McGinn ends Scotland's 36-year World Cup wait with winner against Haiti in Boston
John McGinn's 28th-minute goal gave Scotland a 1-0 victory over Haiti at Gillette Stadium, ending a 36-year wait for a World Cup win and lifting Steve Clarke's side to the top of Group C above Brazil and Morocco.
John McGinn’s deflected 28th-minute strike secured Scotland a 1-0 victory over Haiti at Gillette Stadium in Foxborough on Thursday, ending a 36-year wait for a World Cup win and sending Steve Clarke’s side to the top of Group C ahead of Brazil and Morocco.
It was Scotland’s first victory at a World Cup since 1990, and only their fifth in the tournament’s history. The win was far from convincing — Haiti, ranked 83rd in the world, pushed Scotland throughout — but the result was enough to spark wild celebrations among the thousands of Tartan Army supporters who had made the transatlantic journey to Massachusetts.

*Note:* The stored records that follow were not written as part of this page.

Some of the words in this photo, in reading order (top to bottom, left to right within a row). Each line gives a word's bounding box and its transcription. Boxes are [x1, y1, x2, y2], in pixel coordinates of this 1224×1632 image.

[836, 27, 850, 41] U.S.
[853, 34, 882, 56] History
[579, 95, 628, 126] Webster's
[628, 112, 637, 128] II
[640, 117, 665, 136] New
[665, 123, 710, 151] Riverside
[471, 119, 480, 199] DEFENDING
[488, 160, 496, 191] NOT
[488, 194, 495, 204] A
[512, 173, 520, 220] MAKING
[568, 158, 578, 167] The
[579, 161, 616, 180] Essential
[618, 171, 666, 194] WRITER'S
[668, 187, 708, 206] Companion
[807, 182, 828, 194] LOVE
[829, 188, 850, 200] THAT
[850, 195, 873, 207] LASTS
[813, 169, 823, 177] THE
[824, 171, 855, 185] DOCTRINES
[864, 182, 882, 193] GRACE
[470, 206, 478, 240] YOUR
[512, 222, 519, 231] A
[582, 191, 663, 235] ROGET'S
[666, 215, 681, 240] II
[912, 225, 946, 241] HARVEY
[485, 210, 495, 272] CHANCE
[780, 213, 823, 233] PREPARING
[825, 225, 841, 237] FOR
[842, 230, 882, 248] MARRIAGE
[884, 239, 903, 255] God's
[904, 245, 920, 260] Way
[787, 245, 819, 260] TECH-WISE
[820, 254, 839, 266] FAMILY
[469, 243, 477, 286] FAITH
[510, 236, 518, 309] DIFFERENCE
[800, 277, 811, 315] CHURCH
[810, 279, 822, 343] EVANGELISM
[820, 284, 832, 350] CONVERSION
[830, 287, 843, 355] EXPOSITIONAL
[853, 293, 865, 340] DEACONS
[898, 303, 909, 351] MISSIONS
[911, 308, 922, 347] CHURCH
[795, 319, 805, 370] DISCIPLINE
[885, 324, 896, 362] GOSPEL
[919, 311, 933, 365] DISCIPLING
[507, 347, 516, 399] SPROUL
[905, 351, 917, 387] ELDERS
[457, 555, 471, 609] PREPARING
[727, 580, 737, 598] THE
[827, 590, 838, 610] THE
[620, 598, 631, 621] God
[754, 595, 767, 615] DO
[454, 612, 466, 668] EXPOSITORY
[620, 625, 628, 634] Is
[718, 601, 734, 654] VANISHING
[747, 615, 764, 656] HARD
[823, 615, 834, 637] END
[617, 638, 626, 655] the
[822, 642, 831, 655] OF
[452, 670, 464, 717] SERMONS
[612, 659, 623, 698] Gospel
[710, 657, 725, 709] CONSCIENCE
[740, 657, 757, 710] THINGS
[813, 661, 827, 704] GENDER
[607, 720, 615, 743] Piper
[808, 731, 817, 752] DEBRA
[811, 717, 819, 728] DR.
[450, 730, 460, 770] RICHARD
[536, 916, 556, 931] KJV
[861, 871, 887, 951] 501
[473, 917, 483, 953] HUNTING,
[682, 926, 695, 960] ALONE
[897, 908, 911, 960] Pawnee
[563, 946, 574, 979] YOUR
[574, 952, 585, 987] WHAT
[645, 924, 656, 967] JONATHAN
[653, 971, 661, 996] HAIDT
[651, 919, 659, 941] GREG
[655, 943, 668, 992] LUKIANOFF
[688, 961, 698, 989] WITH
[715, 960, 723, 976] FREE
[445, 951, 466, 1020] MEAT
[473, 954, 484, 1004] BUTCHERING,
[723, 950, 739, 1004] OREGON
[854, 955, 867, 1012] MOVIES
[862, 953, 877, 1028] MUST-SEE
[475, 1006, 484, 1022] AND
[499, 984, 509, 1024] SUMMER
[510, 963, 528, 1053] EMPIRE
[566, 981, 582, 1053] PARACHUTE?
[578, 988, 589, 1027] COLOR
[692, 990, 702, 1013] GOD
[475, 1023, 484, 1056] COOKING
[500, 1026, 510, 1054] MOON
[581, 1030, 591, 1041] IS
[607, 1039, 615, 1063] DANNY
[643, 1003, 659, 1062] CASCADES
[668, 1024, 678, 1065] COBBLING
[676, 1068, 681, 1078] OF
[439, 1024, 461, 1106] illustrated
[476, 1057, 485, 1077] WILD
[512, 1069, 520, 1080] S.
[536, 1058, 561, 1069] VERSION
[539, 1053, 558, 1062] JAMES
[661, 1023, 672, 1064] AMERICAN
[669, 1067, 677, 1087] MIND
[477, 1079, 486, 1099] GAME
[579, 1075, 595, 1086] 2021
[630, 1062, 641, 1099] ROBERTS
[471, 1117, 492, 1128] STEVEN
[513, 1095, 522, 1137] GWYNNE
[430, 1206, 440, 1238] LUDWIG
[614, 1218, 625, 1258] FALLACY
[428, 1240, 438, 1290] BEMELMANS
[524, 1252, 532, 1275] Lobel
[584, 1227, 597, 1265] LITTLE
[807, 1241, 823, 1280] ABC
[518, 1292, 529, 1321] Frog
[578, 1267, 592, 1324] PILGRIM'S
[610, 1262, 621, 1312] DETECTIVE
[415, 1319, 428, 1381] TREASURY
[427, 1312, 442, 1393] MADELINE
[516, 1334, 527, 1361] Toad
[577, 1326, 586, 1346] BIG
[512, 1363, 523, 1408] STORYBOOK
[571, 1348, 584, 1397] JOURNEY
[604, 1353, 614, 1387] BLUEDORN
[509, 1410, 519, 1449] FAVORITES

McGinn, who captained Aston Villa to Europa League glory earlier this summer, collected the man-of-the-match award for a performance that, while not flawless, delivered the moment Scotland’s supporters had waited decades for. No Scottish player had scored at a World Cup this millennium before the Villa midfielder broke the drought.

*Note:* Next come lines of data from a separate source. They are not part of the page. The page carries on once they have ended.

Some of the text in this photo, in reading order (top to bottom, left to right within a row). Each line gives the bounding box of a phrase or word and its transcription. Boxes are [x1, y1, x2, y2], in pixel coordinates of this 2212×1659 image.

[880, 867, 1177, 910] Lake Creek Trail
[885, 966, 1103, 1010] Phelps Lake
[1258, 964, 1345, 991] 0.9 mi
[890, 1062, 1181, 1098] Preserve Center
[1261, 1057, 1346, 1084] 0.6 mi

The goal arrived when Scotland needed it most. McGinn’s effort took a deflection on its way in, but the stadium erupted regardless, with the Proclaimers blaring around Gillette Stadium as the Tartan Army marked the occasion in full voice. For a group of supporters who had hired fleets of yellow school buses to make the journey from Boston to Foxborough, the reward was worth every mile.
Scotland’s position at the summit of Group C is unlikely to last long, with Brazil and Morocco both still to play, but it represents something genuinely historic for a nation that has never reached the knockout stages of a major tournament. Clarke had called on his players to do something special ahead of the game; in the context of Scotland’s history, they already have.
The last time Scotland won in a major competition was Ally McCoist’s goal against Switzerland at the 1996 European Championship. That 28-year wait is now over, and with it comes the tantalising possibility — for the first time in Scottish football history — of a place in the last 16.